This is something that has come up in the past, so we thought we should answer this definitively. We have received voicemails or emails from a friend or family member who is expressing concern regarding the patient. This is usually triggered by a recent event, such as suspecting a relapse or displaying troubling behavior like we highlighted above. Other times, it’s overt displays of struggle, like being hospitalized with a high blood alcohol level or overdosing. No matter how much we would love to comfort you in this time of uncertainty, unless we have a signed agreement allowing us to talk with others about the patient (signed by the patient), we can’t reply due to confidentiality. That being said, if you think you have valuable information that could assist in their recovery, a good provider will appreciate your disclosure and will make use of it, albeit discreetly and without acknowledgment, we received your correspondence.

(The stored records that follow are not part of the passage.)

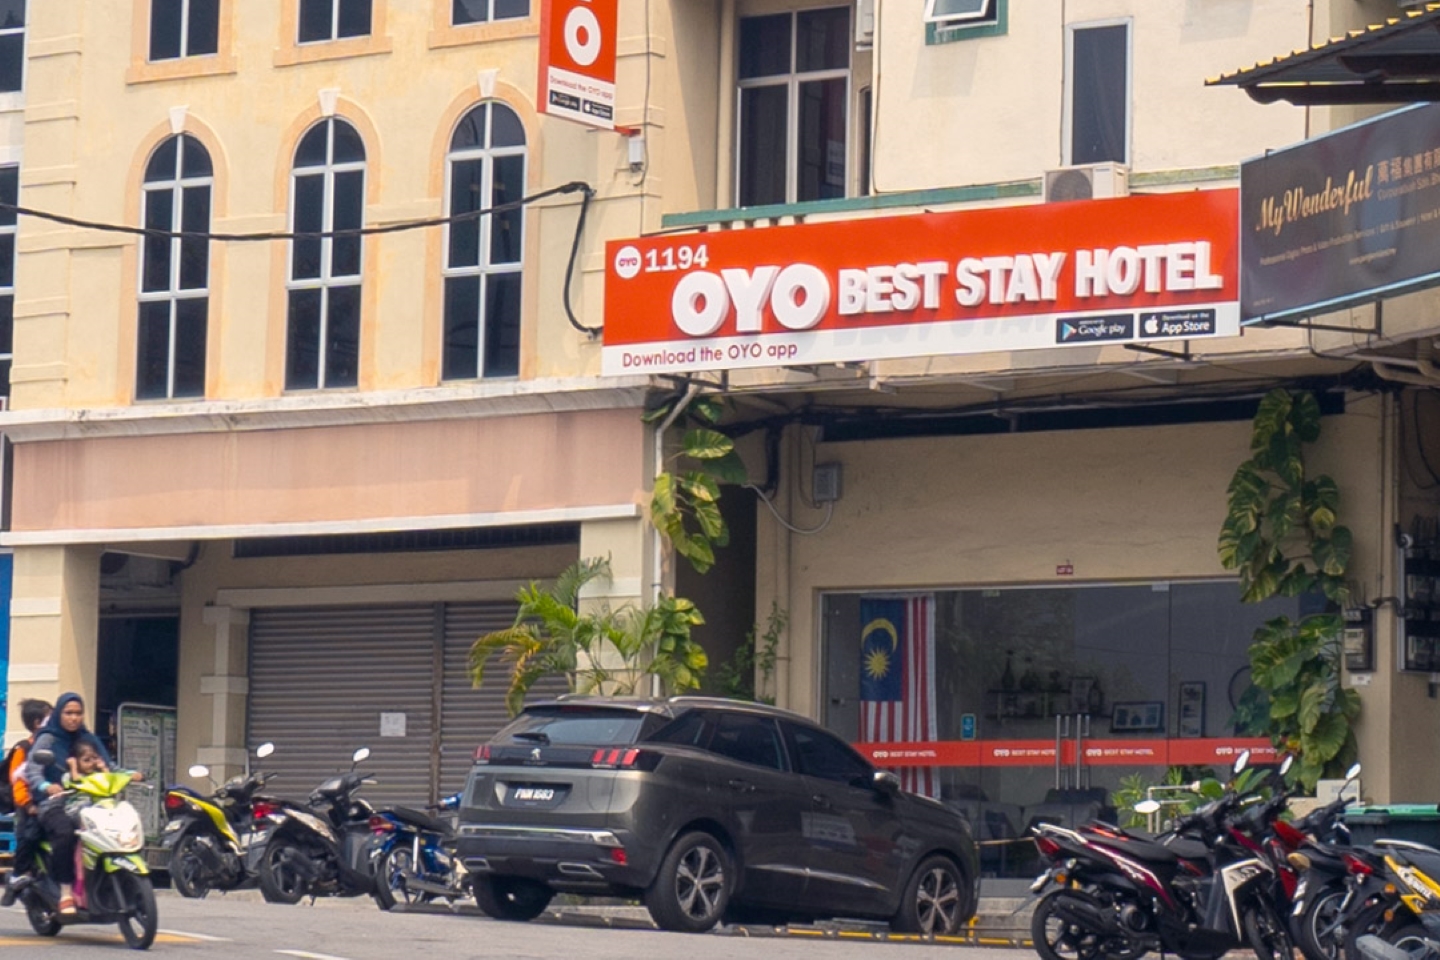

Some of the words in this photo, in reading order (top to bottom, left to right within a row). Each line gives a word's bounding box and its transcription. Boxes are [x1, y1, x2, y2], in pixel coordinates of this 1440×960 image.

[618, 256, 638, 268] OYO
[644, 244, 710, 273] 1194
[671, 262, 831, 337] OYO
[838, 261, 948, 316] BEST
[955, 252, 1067, 307] STAY
[1075, 241, 1223, 298] HOTEL
[1108, 323, 1126, 335] play
[1161, 322, 1183, 334] App
[1183, 320, 1210, 332] Store
[622, 347, 696, 368] Download
[699, 346, 723, 362] the
[727, 343, 763, 360] OYO
[767, 343, 799, 360] app

Another approach you could present to the patient is to join them in one of their sessions. This not only strengthens your commitment and resolve, but it also will give you the opportunity to potentially have a voice with them and their counselor. So long as the patient is fine with your joining, most providers won’t have an issue with your addition.  

I’ve had it! Can I have someone committed into rehab involuntarily?

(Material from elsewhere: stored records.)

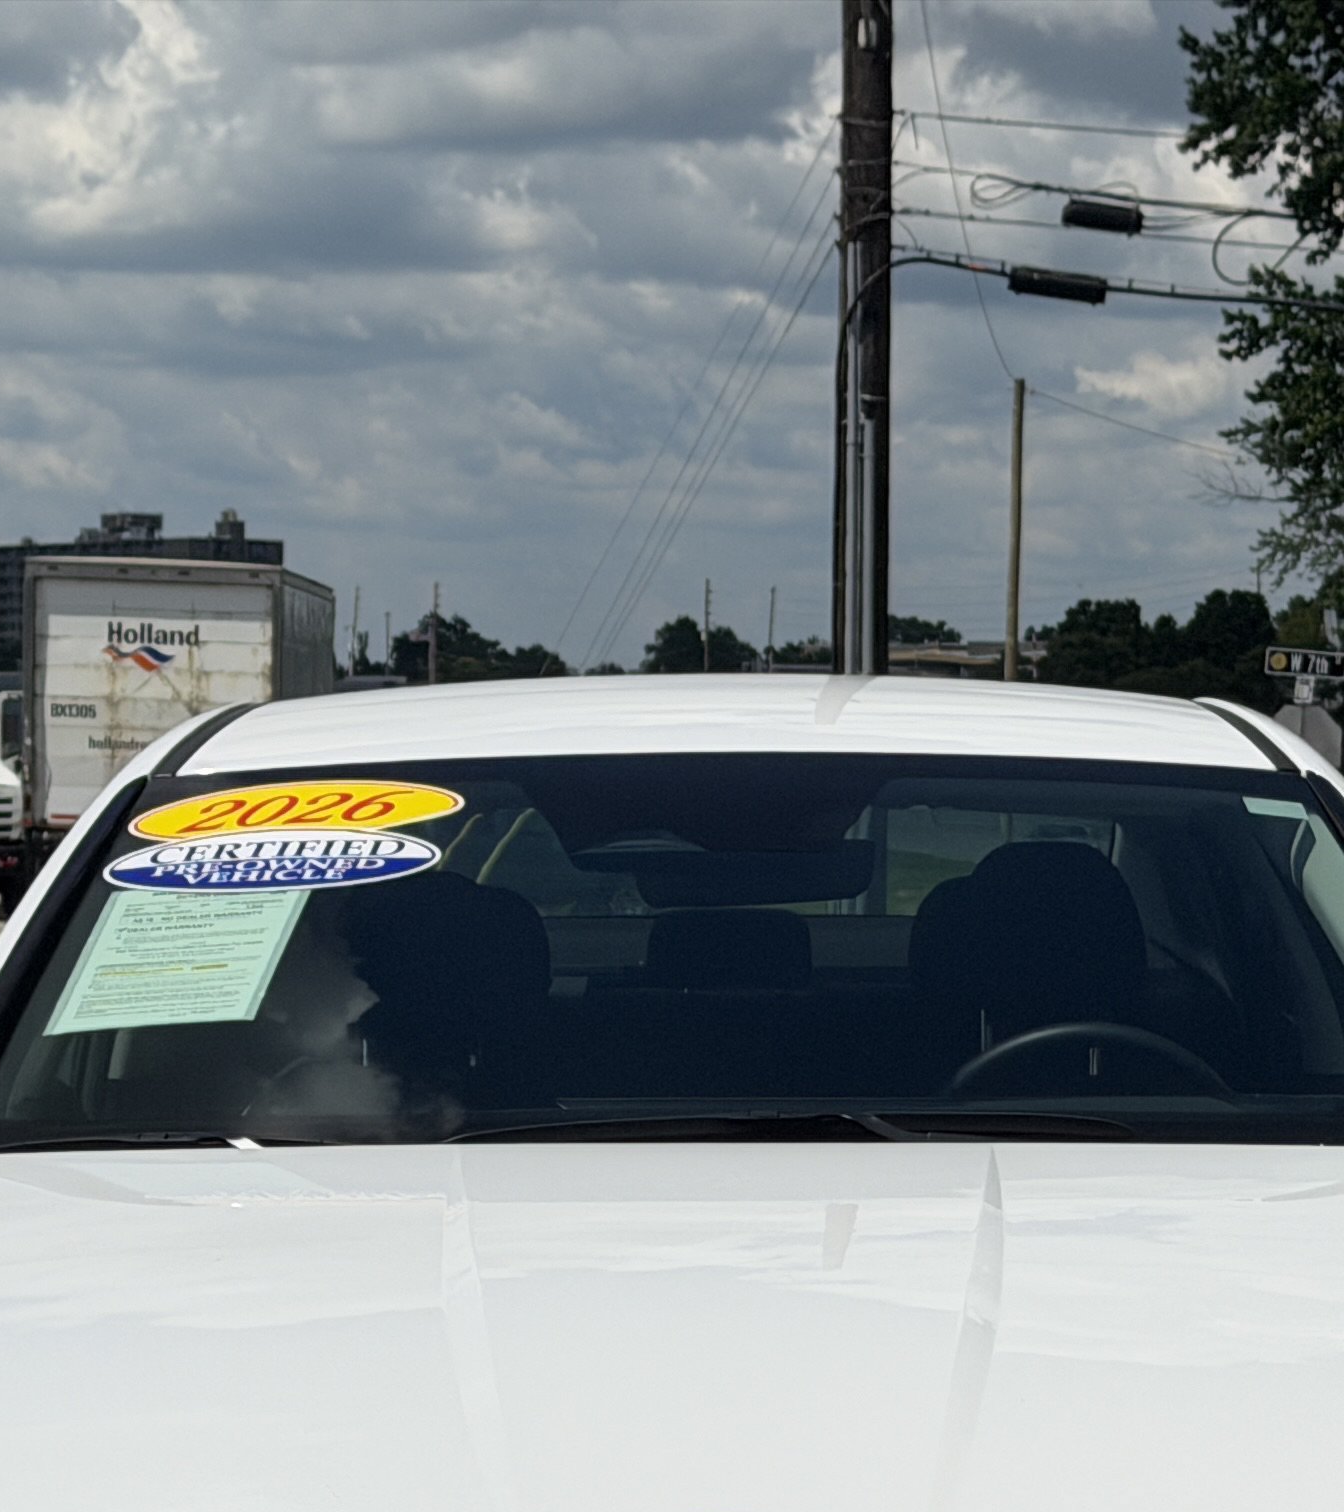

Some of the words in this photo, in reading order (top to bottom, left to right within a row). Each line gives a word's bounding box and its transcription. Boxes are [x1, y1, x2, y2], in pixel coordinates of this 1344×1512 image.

[108, 622, 200, 646] Holland
[1291, 652, 1302, 672] W
[1307, 654, 1329, 674] 7th
[176, 790, 413, 834] 2026
[150, 839, 406, 866] CERTIFIED
[151, 856, 385, 878] PRE-OWNED
[185, 866, 345, 884] VEHICLE
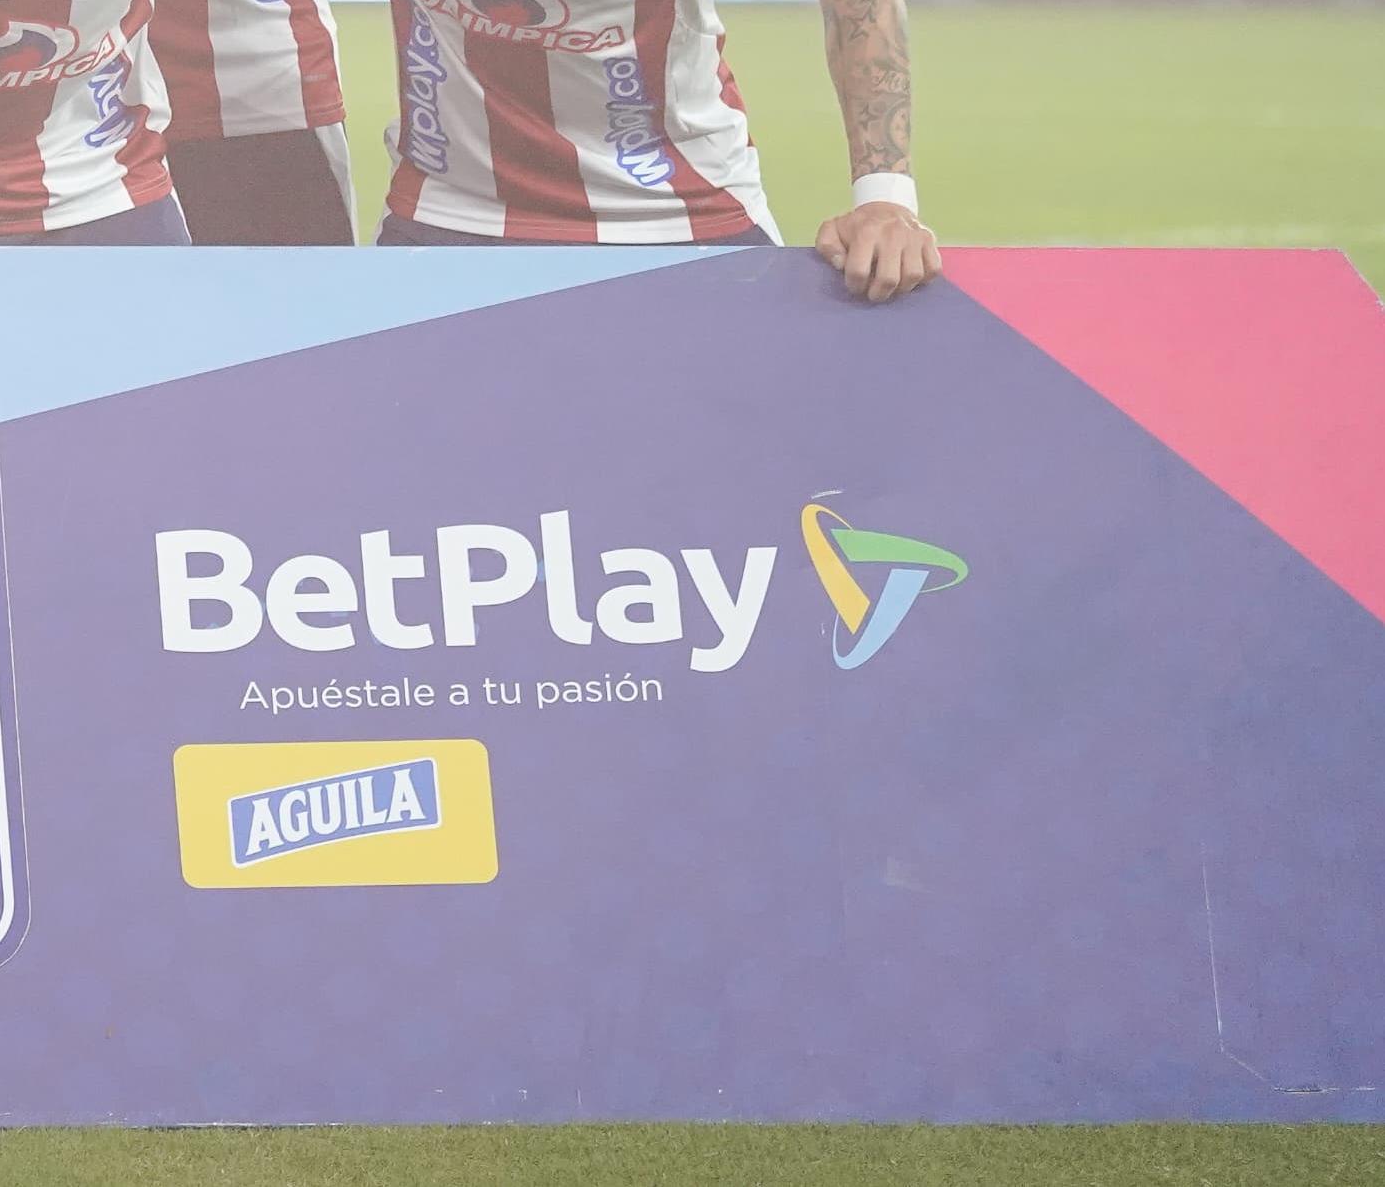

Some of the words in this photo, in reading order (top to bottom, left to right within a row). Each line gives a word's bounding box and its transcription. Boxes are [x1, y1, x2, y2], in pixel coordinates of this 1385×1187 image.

[154, 509, 778, 673] BetPlay
[239, 676, 436, 713] Apuéstale
[449, 682, 471, 706] a
[482, 676, 523, 705] tu
[536, 670, 664, 710] pasión
[244, 767, 426, 857] AGUILA

Not really, and for good reason, as it is difficult to legally force a free person into any kind of treatment (yes, even while intoxicated). It is feasible to involuntarily commit someone for a detox program and most states have a system in place for that. This involves proving (with documentation) that the likelihood of imminent physical harm (beyond intoxication) or a fundamental lack of capacity to provide for their own basic needs. However, this is exceedingly rare in practice, considering the amount of people harming themselves with their addiction every day. It can also be impractical to force detoxification without the patient being completely on-board, as they might not be ready for it. So the answer to the question relies on which situation and state you’re in.

Anything else I should know?

With certain substances, it is best not to stop cold-turkey without the guidance of a medical doctor, as some addictions can prove fatal if stopped suddenly. This should not deter any addict from seeking recovery, it just means that should be honest with their desires to stop. Alcohol, benzodiazepines (also called benzos), and opioids are of the gravest concern. To provide the patient with their best foot forward, medically-supervised detoxification should be considered as an option or at the very least, get your doctor’s approval to wean off at home.   

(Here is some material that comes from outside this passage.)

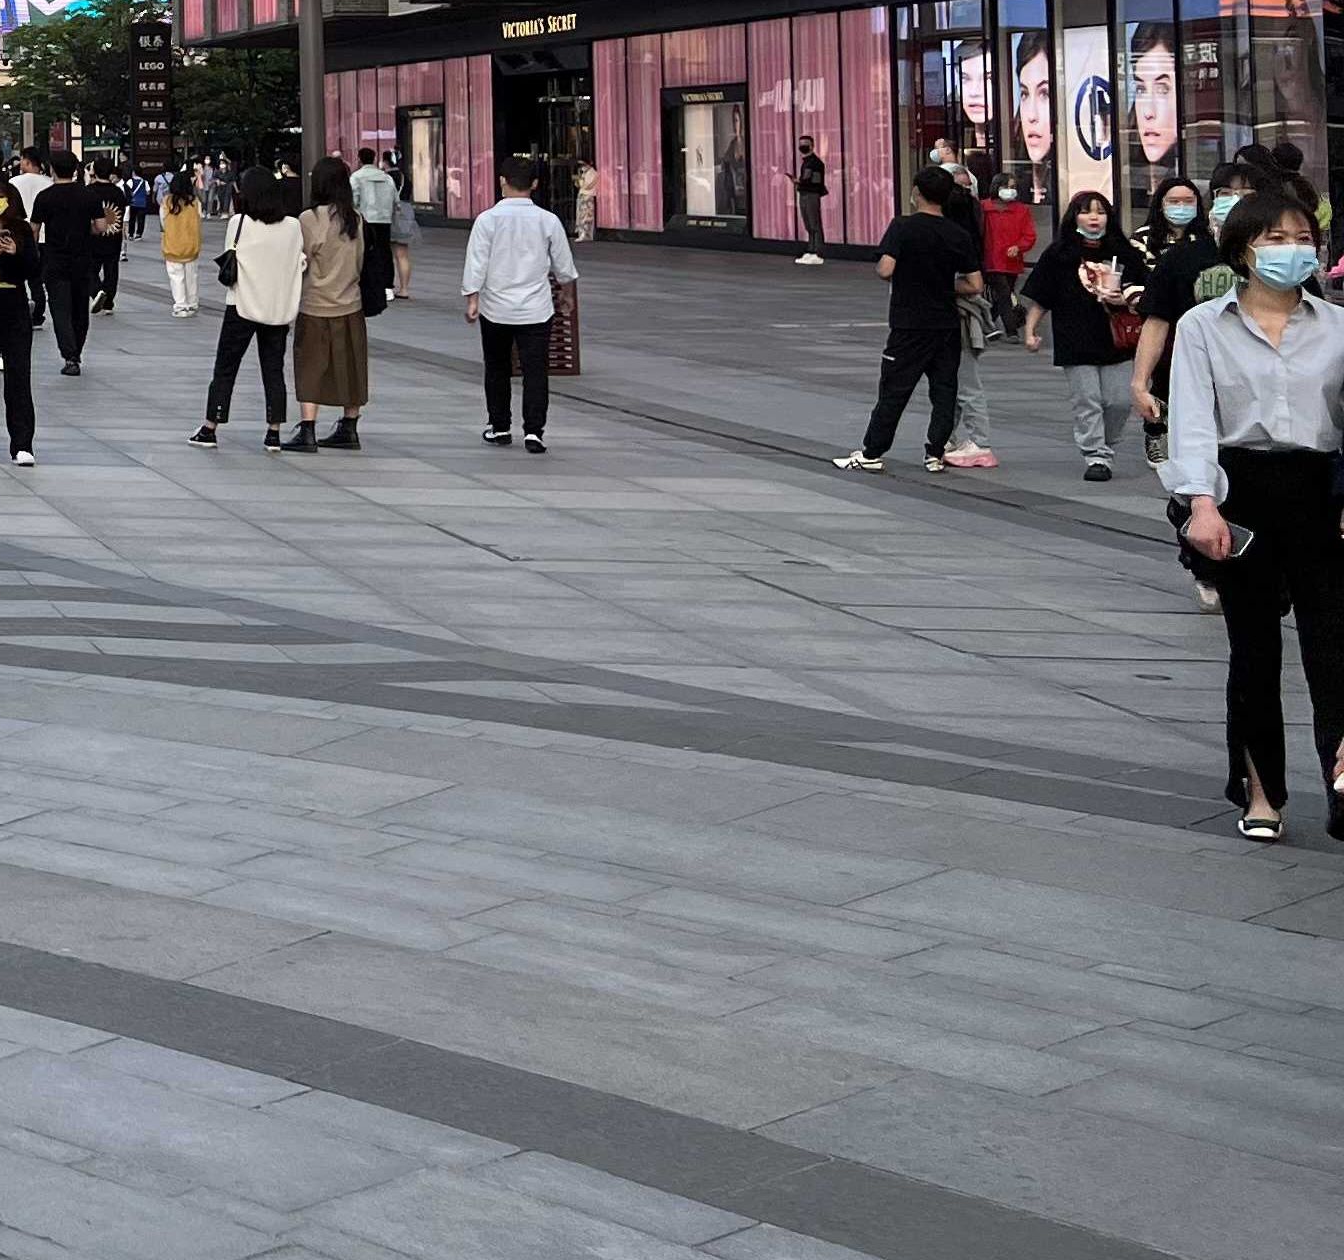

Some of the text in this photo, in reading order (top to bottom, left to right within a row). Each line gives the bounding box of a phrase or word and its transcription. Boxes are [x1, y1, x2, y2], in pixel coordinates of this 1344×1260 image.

Secondly, addiction recovery can take many forms. The evidence shows that most people can improve greatly at a traditional outpatient clinic that’s well-versed in how to address underlying mood issues that drive addiction. When it comes to recovery, many people often incorrectly believe the best (or only) solution is to arrange for a 30-day on-site rehab. The evidence is quite clear that it’s typically not needed, on top of being only 5-10% effective. Why is the effective rate so low in rehab facilities if I see my favorite celebrities going to them all the time? Well, there are many reasons for this, including very few regulations on the standards of care and the lack of utilizing evidence-based treatments. Additionally, there’s a type of fallacy when you’re part of an in-patient rehab program, as it’s “easier” to get well in this removed and idyllic setting. However, many patients that show promise while in rehab have been known to struggle when they return to their “real life” and all the toxic opportunities, situations, and/or people present themselves. This was the idea behind SelfRecovery.org: to make evidence-based strategies available to everyday people in their everyday environments. One thing we can all do to help is to destigmatize addiction so more people reach out for the help they need and get there earlier.

Finally, a common misunderstanding is around the topic of relapses, which are unfortunately an expected part of the journey. We typically educate clients to not think of a relapse as the worst thing that can occur, but a possible hurdle they might experience. We want to be clear here, we don’t recommend relapses, so don’t strive for them or allow yourself a weekly “cheat day”, as that won’t get you into the clear, but it could happen. The truth of the matter is that if a relapse occurs, the goal is to make them less frequent, less intense, and to decrease the duration. It’s not so much what happens when you get bucked off the horse; it’s what happens when you’re on the ground.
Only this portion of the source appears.